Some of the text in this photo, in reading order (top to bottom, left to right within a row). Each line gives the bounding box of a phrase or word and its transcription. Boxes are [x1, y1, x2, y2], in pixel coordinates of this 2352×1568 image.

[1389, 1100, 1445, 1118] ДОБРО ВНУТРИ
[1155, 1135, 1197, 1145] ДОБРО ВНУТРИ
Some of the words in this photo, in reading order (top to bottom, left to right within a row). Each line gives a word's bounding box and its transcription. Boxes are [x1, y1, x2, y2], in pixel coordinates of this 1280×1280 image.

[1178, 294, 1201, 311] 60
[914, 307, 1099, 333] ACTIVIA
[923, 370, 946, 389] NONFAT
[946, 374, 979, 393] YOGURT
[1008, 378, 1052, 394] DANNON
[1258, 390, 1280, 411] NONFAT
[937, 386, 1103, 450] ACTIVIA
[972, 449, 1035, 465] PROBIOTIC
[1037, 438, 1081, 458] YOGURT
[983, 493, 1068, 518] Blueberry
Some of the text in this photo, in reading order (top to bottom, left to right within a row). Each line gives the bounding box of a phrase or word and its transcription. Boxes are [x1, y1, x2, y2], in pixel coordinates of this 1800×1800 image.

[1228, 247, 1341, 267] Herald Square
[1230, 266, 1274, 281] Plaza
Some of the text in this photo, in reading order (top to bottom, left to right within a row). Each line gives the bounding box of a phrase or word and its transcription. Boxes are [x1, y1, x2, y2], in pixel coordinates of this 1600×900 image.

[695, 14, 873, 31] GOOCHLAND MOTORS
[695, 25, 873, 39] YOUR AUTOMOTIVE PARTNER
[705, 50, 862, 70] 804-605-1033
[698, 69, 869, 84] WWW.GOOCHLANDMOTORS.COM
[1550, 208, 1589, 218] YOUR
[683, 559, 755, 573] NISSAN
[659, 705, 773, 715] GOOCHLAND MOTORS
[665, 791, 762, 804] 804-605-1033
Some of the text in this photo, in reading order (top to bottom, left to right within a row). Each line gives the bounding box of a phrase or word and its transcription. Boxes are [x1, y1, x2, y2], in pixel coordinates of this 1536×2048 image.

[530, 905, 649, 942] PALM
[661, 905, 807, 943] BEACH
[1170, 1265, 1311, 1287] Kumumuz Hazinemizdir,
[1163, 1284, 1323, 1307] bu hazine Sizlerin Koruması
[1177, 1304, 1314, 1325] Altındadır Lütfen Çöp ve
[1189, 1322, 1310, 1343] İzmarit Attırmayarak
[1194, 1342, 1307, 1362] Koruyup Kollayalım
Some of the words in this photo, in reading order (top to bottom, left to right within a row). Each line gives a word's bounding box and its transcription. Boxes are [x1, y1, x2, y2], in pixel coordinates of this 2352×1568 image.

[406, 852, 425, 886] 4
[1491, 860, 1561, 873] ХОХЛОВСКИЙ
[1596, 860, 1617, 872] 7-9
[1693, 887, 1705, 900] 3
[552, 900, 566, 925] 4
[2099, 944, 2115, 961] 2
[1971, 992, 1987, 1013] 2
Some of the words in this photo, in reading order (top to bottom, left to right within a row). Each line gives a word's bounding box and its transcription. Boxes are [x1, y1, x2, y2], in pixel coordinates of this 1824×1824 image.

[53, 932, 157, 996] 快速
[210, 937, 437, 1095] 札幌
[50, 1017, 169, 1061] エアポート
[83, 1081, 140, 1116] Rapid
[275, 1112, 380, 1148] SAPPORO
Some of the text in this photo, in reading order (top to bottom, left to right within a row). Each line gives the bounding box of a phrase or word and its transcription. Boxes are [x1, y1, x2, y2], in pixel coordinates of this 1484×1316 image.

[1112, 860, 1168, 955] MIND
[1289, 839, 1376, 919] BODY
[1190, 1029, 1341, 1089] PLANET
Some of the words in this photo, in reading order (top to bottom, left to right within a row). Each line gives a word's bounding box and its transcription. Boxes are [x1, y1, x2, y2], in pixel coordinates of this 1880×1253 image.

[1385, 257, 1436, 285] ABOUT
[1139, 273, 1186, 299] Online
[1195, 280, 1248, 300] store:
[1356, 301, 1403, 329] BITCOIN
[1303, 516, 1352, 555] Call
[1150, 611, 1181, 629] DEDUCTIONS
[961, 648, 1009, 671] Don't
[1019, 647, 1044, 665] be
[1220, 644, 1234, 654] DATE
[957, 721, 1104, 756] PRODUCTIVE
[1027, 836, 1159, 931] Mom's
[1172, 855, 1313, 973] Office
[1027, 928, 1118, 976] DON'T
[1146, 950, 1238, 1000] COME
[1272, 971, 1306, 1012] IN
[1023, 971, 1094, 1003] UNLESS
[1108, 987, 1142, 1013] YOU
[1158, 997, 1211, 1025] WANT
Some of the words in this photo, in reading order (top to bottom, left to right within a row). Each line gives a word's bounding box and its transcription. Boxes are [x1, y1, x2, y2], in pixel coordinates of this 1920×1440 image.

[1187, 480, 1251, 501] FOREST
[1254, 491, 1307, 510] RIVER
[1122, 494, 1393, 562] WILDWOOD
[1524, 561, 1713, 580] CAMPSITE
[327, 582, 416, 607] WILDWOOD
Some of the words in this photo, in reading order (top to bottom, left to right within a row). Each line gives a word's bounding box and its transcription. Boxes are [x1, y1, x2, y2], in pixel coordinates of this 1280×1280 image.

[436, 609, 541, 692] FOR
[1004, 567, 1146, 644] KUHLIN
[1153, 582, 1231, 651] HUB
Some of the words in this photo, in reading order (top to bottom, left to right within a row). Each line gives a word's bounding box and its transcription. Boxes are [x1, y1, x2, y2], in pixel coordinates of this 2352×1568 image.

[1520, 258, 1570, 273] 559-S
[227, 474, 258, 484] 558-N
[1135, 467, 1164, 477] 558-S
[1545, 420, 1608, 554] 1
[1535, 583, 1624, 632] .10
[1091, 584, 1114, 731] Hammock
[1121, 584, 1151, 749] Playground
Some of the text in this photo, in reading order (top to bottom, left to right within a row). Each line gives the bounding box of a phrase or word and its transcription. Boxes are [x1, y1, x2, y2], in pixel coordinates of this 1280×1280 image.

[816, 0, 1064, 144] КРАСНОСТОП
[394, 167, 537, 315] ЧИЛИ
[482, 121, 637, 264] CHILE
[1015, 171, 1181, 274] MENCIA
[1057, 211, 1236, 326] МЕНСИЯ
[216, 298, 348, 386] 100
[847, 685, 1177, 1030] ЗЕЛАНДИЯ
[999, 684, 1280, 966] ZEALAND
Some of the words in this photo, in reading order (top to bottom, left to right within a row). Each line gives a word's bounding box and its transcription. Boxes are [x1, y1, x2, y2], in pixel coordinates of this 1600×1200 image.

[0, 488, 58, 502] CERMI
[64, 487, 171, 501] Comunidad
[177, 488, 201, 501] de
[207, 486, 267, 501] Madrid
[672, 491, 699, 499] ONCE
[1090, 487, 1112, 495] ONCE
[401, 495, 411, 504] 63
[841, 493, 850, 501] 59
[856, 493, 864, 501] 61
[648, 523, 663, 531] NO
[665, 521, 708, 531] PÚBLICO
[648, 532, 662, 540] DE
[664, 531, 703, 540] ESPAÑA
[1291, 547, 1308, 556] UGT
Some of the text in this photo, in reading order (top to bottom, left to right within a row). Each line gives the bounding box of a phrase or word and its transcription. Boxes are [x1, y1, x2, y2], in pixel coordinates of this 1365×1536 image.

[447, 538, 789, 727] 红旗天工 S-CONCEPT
----------------
● **Exercise objective**
The response should consist of the entries above, retyped exactly.

● **Output of the exercise**
Some of the text in this photo, in reading order (top to bottom, left to right within a row). Each line gives the bounding box of a phrase or word and its transcription. Boxes are [x1, y1, x2, y2], in pixel coordinates of this 2352×1568 image.

[1389, 1100, 1445, 1118] ДОБРО ВНУТРИ
[1155, 1135, 1197, 1145] ДОБРО ВНУТРИ
Some of the words in this photo, in reading order (top to bottom, left to right within a row). Each line gives a word's bounding box and its transcription. Boxes are [x1, y1, x2, y2], in pixel coordinates of this 1280×1280 image.

[1178, 294, 1201, 311] 60
[914, 307, 1099, 333] ACTIVIA
[923, 370, 946, 389] NONFAT
[946, 374, 979, 393] YOGURT
[1008, 378, 1052, 394] DANNON
[1258, 390, 1280, 411] NONFAT
[937, 386, 1103, 450] ACTIVIA
[972, 449, 1035, 465] PROBIOTIC
[1037, 438, 1081, 458] YOGURT
[983, 493, 1068, 518] Blueberry
Some of the text in this photo, in reading order (top to bottom, left to right within a row). Each line gives the bounding box of a phrase or word and its transcription. Boxes are [x1, y1, x2, y2], in pixel coordinates of this 1800×1800 image.

[1228, 247, 1341, 267] Herald Square
[1230, 266, 1274, 281] Plaza
Some of the text in this photo, in reading order (top to bottom, left to right within a row). Each line gives the bounding box of a phrase or word and its transcription. Boxes are [x1, y1, x2, y2], in pixel coordinates of this 1600×900 image.

[695, 14, 873, 31] GOOCHLAND MOTORS
[695, 25, 873, 39] YOUR AUTOMOTIVE PARTNER
[705, 50, 862, 70] 804-605-1033
[698, 69, 869, 84] WWW.GOOCHLANDMOTORS.COM
[1550, 208, 1589, 218] YOUR
[683, 559, 755, 573] NISSAN
[659, 705, 773, 715] GOOCHLAND MOTORS
[665, 791, 762, 804] 804-605-1033
Some of the text in this photo, in reading order (top to bottom, left to right within a row). Each line gives the bounding box of a phrase or word and its transcription. Boxes are [x1, y1, x2, y2], in pixel coordinates of this 1536×2048 image.

[530, 905, 649, 942] PALM
[661, 905, 807, 943] BEACH
[1170, 1265, 1311, 1287] Kumumuz Hazinemizdir,
[1163, 1284, 1323, 1307] bu hazine Sizlerin Koruması
[1177, 1304, 1314, 1325] Altındadır Lütfen Çöp ve
[1189, 1322, 1310, 1343] İzmarit Attırmayarak
[1194, 1342, 1307, 1362] Koruyup Kollayalım
Some of the words in this photo, in reading order (top to bottom, left to right within a row). Each line gives a word's bounding box and its transcription. Boxes are [x1, y1, x2, y2], in pixel coordinates of this 2352×1568 image.

[406, 852, 425, 886] 4
[1491, 860, 1561, 873] ХОХЛОВСКИЙ
[1596, 860, 1617, 872] 7-9
[1693, 887, 1705, 900] 3
[552, 900, 566, 925] 4
[2099, 944, 2115, 961] 2
[1971, 992, 1987, 1013] 2
Some of the words in this photo, in reading order (top to bottom, left to right within a row). Each line gives a word's bounding box and its transcription. Boxes are [x1, y1, x2, y2], in pixel coordinates of this 1824×1824 image.

[53, 932, 157, 996] 快速
[210, 937, 437, 1095] 札幌
[50, 1017, 169, 1061] エアポート
[83, 1081, 140, 1116] Rapid
[275, 1112, 380, 1148] SAPPORO
Some of the text in this photo, in reading order (top to bottom, left to right within a row). Each line gives the bounding box of a phrase or word and its transcription. Boxes are [x1, y1, x2, y2], in pixel coordinates of this 1484×1316 image.

[1112, 860, 1168, 955] MIND
[1289, 839, 1376, 919] BODY
[1190, 1029, 1341, 1089] PLANET
Some of the words in this photo, in reading order (top to bottom, left to right within a row). Each line gives a word's bounding box and its transcription. Boxes are [x1, y1, x2, y2], in pixel coordinates of this 1880×1253 image.

[1385, 257, 1436, 285] ABOUT
[1139, 273, 1186, 299] Online
[1195, 280, 1248, 300] store:
[1356, 301, 1403, 329] BITCOIN
[1303, 516, 1352, 555] Call
[1150, 611, 1181, 629] DEDUCTIONS
[961, 648, 1009, 671] Don't
[1019, 647, 1044, 665] be
[1220, 644, 1234, 654] DATE
[957, 721, 1104, 756] PRODUCTIVE
[1027, 836, 1159, 931] Mom's
[1172, 855, 1313, 973] Office
[1027, 928, 1118, 976] DON'T
[1146, 950, 1238, 1000] COME
[1272, 971, 1306, 1012] IN
[1023, 971, 1094, 1003] UNLESS
[1108, 987, 1142, 1013] YOU
[1158, 997, 1211, 1025] WANT
Some of the words in this photo, in reading order (top to bottom, left to right within a row). Each line gives a word's bounding box and its transcription. Boxes are [x1, y1, x2, y2], in pixel coordinates of this 1920×1440 image.

[1187, 480, 1251, 501] FOREST
[1254, 491, 1307, 510] RIVER
[1122, 494, 1393, 562] WILDWOOD
[1524, 561, 1713, 580] CAMPSITE
[327, 582, 416, 607] WILDWOOD
Some of the words in this photo, in reading order (top to bottom, left to right within a row). Each line gives a word's bounding box and its transcription. Boxes are [x1, y1, x2, y2], in pixel coordinates of this 1280×1280 image.

[436, 609, 541, 692] FOR
[1004, 567, 1146, 644] KUHLIN
[1153, 582, 1231, 651] HUB
Some of the words in this photo, in reading order (top to bottom, left to right within a row). Each line gives a word's bounding box and its transcription. Boxes are [x1, y1, x2, y2], in pixel coordinates of this 2352×1568 image.

[1520, 258, 1570, 273] 559-S
[227, 474, 258, 484] 558-N
[1135, 467, 1164, 477] 558-S
[1545, 420, 1608, 554] 1
[1535, 583, 1624, 632] .10
[1091, 584, 1114, 731] Hammock
[1121, 584, 1151, 749] Playground
Some of the text in this photo, in reading order (top to bottom, left to right within a row). Each line gives the bounding box of a phrase or word and its transcription. Boxes are [x1, y1, x2, y2], in pixel coordinates of this 1280×1280 image.

[816, 0, 1064, 144] КРАСНОСТОП
[394, 167, 537, 315] ЧИЛИ
[482, 121, 637, 264] CHILE
[1015, 171, 1181, 274] MENCIA
[1057, 211, 1236, 326] МЕНСИЯ
[216, 298, 348, 386] 100
[847, 685, 1177, 1030] ЗЕЛАНДИЯ
[999, 684, 1280, 966] ZEALAND
Some of the words in this photo, in reading order (top to bottom, left to right within a row). Each line gives a word's bounding box and its transcription. Boxes are [x1, y1, x2, y2], in pixel coordinates of this 1600×1200 image.

[0, 488, 58, 502] CERMI
[64, 487, 171, 501] Comunidad
[177, 488, 201, 501] de
[207, 486, 267, 501] Madrid
[672, 491, 699, 499] ONCE
[1090, 487, 1112, 495] ONCE
[401, 495, 411, 504] 63
[841, 493, 850, 501] 59
[856, 493, 864, 501] 61
[648, 523, 663, 531] NO
[665, 521, 708, 531] PÚBLICO
[648, 532, 662, 540] DE
[664, 531, 703, 540] ESPAÑA
[1291, 547, 1308, 556] UGT
Some of the text in this photo, in reading order (top to bottom, left to right within a row). Each line gives the bounding box of a phrase or word and its transcription. Boxes are [x1, y1, x2, y2], in pixel coordinates of this 1365×1536 image.

[447, 538, 789, 727] 红旗天工 S-CONCEPT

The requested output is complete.